A pesar de ese cambio, ETA -lo que queda- parece anclada en los tiempos de Melitón Manzanas. Podíamos decir que padece el síndrome Melitón, y sigue practicando un discurso senderista, demente en sus palabras y sangriento en sus hechos, como lo ha demostrado con el cruel asesinato de Miguel Angel Blanco y los que han venido después. Esa crueldad homicida es incompatible con la sensibilidad moral y política de las coordenadas de tiempo y lugar en que vivimos, y la fanática ideología abertzal-socialista de HB choca de frente con la capacidad crítica de una sociedad vasca desengañada, como toda la sociedad europea, de las grandes proclamas revolucionarias y de las vanguardias salvadoras. Euskadi y los vascos estamos, cada vez más, instalados mayoritariamente en una cultura de la vida, individualista y centrada en la búsqueda de una felicidad personal, razonable, tolerante, de vivir y dejar vivir, que se corresponde mal con ese espíritu militante, tipo Abimael Guzmán, que algunos predican. Nuestras grandes preocupaciones debieran orientarse a cómo contrarrestar y sacar incluso ventaja del declive industrial de Bilbao, catalogado como Glasgow o Lieja: Zona Industrial en Declive; o a desplegar las posibilidades de relación cultural y comercial entre San Sebastián y Bayona en lo que ha de ser una privilegiada región transfronteriza en el marco europeo; en mejorar nuestro tejido productivo para reducir el paro y hacer posible una sociedad sin excluidos, o diseñar un ámbito cultural vasco atractivo y plural, insertado en el horizonte de la cultura universal en línea con lo que significa el museo Guggenheim... ¡Hay tantas cosas en las que ocuparse!

A estas alturas del curso, no sólo por razones políticas y morales, sino por la misma complejidad del tejido económico o institucional en el que vivimos, parece obvio que las grandes decisiones sobre si hemos de ser independientes, dependientes o mediopensionistas, no pueden quedar en manos de una vanguardia de iluminados, sino que serán, en todo caso, resultado de un proceso de confirmación de la conciencia colectiva, que se inclinará por unas u otras alternativas según su leal sentir y entender, pero no por voluntad de unos u otros comandantes. Si un día, en unas elecciones, una mayoría significativa del electorado vasco se decidiera a apoyar a un partido, o bloque de partidos, que proclamara como objetivo la independencia, es evidente que la autodeterminación no es que fuera un derecho, sería un hecho, de la misma manera que unas elecciones municipales trajeron en 1936 la II República, por la simple constatación de que el clamor contra la Monarquía hacía a ésta inviable.
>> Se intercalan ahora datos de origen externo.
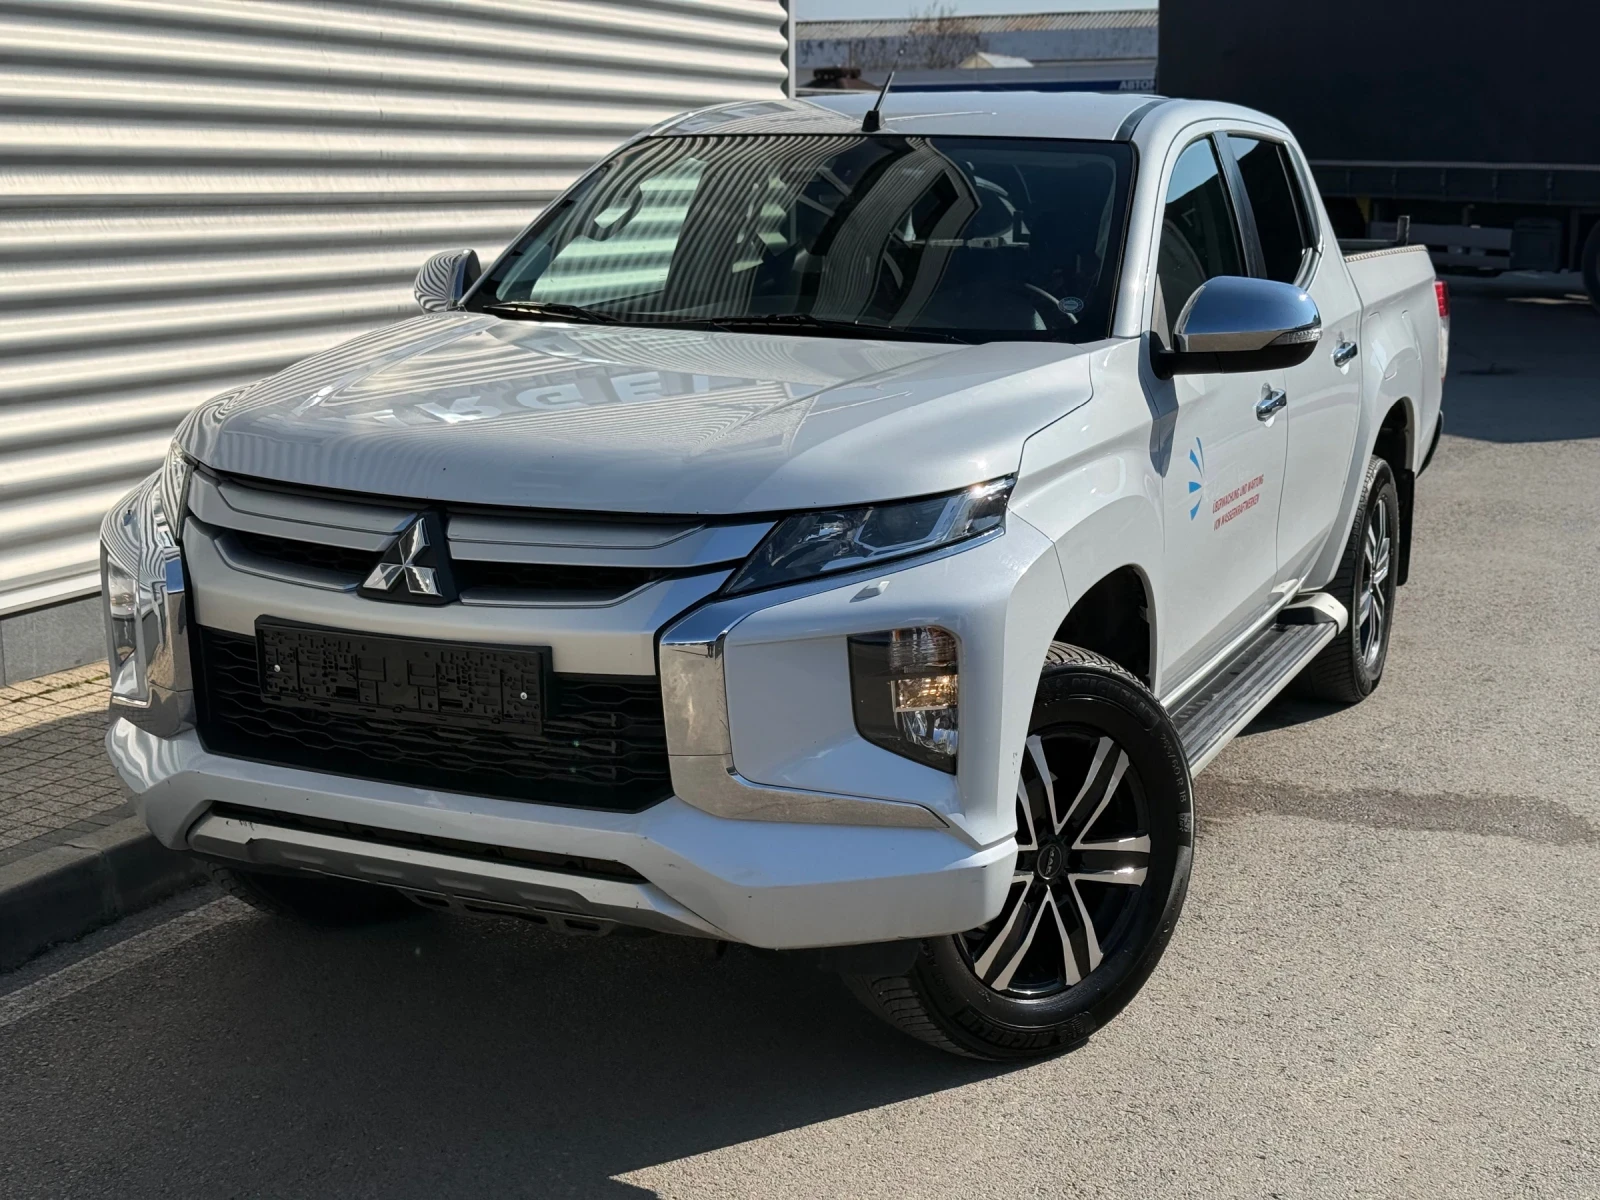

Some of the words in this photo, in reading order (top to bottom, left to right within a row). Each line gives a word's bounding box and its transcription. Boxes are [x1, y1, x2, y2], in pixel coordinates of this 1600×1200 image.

[1247, 473, 1264, 492] WARTUNG
[1213, 516, 1221, 531] VON
[1179, 791, 1188, 803] 18
Si eso ha de suceder o no, el tiempo lo dirá. Personalmente, la independencia política del País Vasco no me interesa lo más mínimo, pero lo que a mí me parece importante es resaltar que, en cualquier caso, se trata de una cuestión demasiado seria como para dejarla en manos militares o militarras.
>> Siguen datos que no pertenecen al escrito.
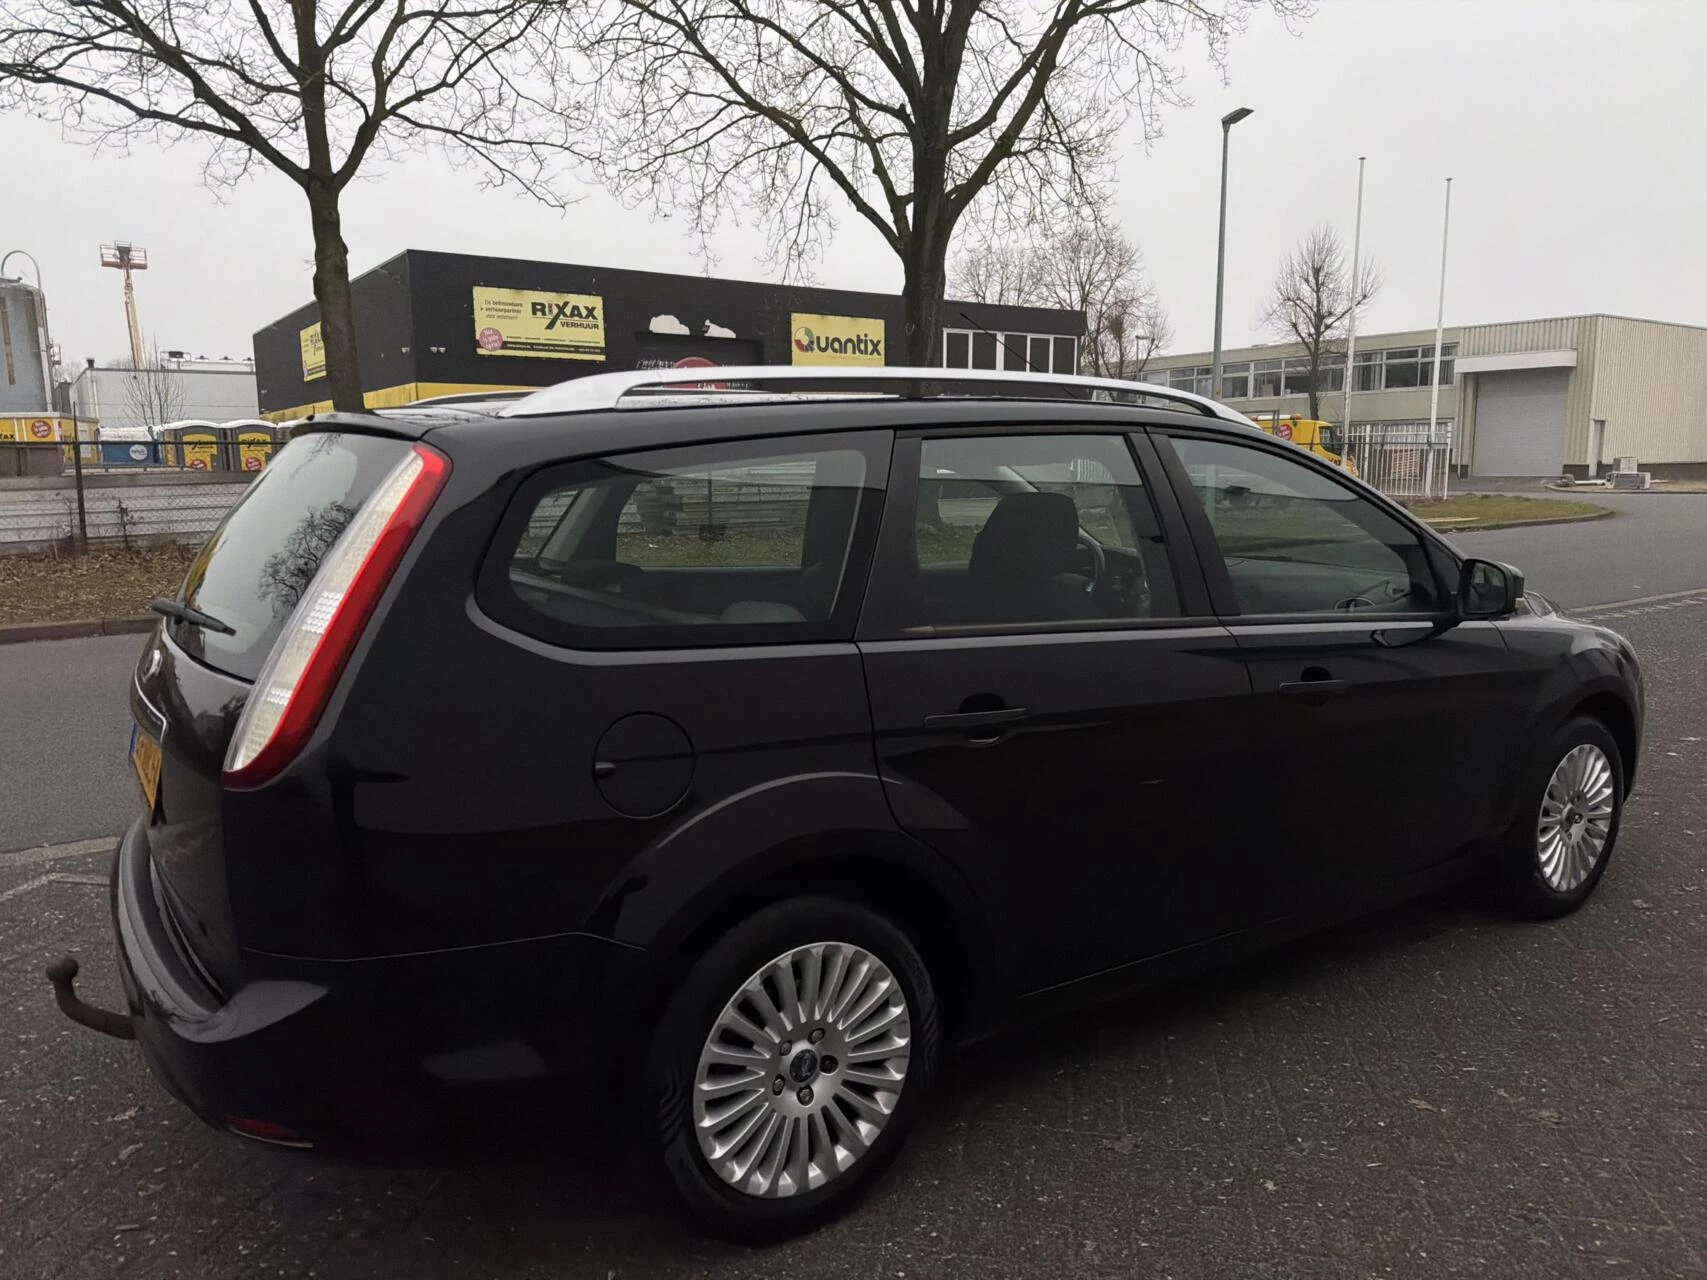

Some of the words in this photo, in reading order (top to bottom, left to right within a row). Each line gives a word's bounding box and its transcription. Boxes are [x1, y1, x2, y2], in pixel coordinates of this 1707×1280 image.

[531, 300, 599, 330] RIXAX
[560, 321, 599, 330] VERHUUR
[794, 326, 882, 356] Quantix
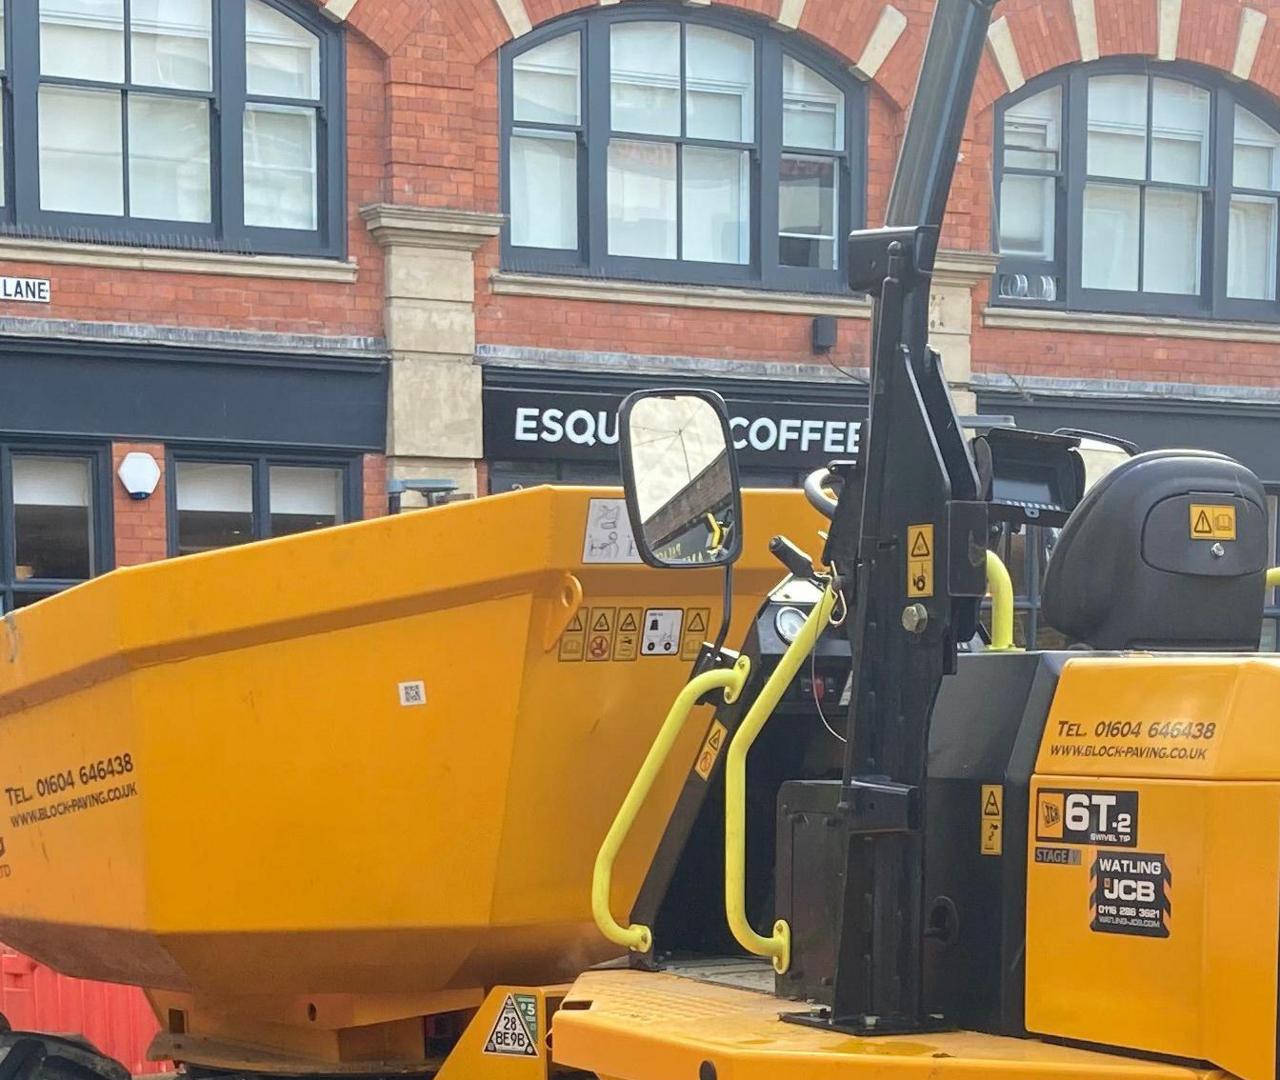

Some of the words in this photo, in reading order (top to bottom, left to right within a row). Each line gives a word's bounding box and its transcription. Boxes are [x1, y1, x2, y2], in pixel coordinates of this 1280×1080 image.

[3, 279, 47, 300] LANE
[514, 406, 622, 447] ESQU
[729, 416, 862, 454] COFFEE
[1057, 720, 1087, 738] TEL.
[1094, 720, 1143, 738] 01604
[1147, 721, 1217, 740] 646438
[1050, 744, 1209, 760] WWW.BLOCK-PAVING.CO.UK
[5, 786, 32, 807] TEL.
[36, 770, 75, 798] 01604
[78, 752, 134, 786] 646438
[10, 781, 138, 829] WWW.BLOCK-PAVING.CO.UK
[1090, 833, 1118, 843] SWIVEL
[1119, 834, 1131, 843] TIP
[1036, 848, 1068, 864] STAGE
[1099, 858, 1162, 875] WATLING
[1104, 878, 1156, 903] JCB
[503, 1016, 518, 1031] 28
[495, 1031, 526, 1048] BE9B
Si algo hemos debido aprender en este fin de siglo y de milenio es que el mejor patrimonio de nuestra común tradición política, como europeos, son esos mandamientos que definen nuestra civilización y -civilización viene de civil- de la Declaración Universal de los Derechos del Hombre y del Ciudadano. Me atrevería a decir, utilizando la vieja fórmula eclesiástica: «¡Fuera de la Declaración no hay salvación!». Lo que hayamos de ser, o hacer, en el futuro, para que valga la pena, tendrá que hacerse, a partir de esos valores de civilización. Por eso, el terrorismo hace un flaco favor a la tesis independentista, que dice propugnar, al identificar -sutil e inconscientemente- al independentismo con los odiosos métodos terroristas.
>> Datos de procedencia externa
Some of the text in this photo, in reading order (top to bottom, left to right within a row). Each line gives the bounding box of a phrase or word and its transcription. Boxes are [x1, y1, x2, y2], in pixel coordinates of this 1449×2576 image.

El astro de ETA ha dejado de brillar y la macilenta luz que todavía nos llega en forma de crímenes es la que estaba de camino cuando la estrella se apagó. Falta ahora hacer un sitio en la sociedad civil a los que se desmilitaricen y digan agur a ETA antes de que el odio por los crímenes de la organización no haga incluso esto imposible.